From his popular reputation you’d have thought that Martin Scorsese spent his entire life making gangster flicks, but in truth The Irishman, his 26th film, is only his fourth mobster movie after Mean Streets (1973), Goodfellas (1990) and Casino (1995). Nevertheless, he is so inextricably linked to the genre that his latest inevitably comes with a flurry of excitement, except perhaps from Marvel fans.
It doesn’t hurt that The Irishman is a reunion of sorts with Robert De Niro and Joe Pesci, both of whom last worked with Scorsese on Casino.
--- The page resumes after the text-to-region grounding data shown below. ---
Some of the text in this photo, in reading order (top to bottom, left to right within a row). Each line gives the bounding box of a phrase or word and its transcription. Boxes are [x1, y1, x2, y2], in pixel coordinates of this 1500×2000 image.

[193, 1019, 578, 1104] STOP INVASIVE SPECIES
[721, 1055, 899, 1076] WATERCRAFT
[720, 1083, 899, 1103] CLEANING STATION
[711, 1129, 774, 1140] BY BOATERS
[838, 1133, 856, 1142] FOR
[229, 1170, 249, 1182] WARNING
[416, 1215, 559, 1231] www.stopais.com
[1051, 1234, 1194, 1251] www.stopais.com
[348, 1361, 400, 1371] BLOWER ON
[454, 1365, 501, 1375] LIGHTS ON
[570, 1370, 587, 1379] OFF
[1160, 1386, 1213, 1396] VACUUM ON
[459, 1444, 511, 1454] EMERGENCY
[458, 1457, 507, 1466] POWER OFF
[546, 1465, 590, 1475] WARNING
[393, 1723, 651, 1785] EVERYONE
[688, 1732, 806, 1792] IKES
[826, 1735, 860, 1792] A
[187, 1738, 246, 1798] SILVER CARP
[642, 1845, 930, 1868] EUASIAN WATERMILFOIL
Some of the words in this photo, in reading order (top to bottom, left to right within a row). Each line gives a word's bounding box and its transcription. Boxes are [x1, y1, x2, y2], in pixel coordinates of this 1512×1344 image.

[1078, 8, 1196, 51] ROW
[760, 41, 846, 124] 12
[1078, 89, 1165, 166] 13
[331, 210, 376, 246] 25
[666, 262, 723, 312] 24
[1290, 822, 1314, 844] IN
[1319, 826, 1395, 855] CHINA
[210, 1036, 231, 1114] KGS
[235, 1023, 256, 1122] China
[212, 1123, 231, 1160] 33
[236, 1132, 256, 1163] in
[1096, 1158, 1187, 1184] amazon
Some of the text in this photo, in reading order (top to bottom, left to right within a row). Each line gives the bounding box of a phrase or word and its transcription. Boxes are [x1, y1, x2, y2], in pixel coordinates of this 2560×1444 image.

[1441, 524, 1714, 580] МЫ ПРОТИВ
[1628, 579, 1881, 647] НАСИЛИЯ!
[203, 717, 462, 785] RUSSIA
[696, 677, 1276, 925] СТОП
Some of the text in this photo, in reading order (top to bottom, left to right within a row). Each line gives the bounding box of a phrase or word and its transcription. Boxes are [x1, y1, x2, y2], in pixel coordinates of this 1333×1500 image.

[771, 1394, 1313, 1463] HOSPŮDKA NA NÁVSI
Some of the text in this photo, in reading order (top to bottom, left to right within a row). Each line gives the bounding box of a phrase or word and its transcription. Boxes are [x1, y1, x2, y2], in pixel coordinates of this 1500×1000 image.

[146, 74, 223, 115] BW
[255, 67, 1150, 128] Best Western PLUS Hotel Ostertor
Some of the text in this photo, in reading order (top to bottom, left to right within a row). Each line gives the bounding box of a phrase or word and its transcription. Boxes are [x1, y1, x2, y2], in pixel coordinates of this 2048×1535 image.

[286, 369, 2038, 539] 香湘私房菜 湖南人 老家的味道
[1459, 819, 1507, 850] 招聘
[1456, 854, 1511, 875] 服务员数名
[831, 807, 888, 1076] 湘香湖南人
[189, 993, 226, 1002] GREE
Even Harvey Keitel, whose association with Scorsese pre-dates even De Niro’s, gets a small but memorable part – they last worked together when he played Judas from the Bronx in the wonderful The Last Temptation of Christ (1988). There’s even a role for Barry Primus who first worked with Scorsese on 1972’s Boxcar Bertha. The other big name of course is Al Pacino whose acting career so epitomises the intense New York masculinity that Scorsese is so associated with that it’s easy to forget that this is Pacino’s first film with the director.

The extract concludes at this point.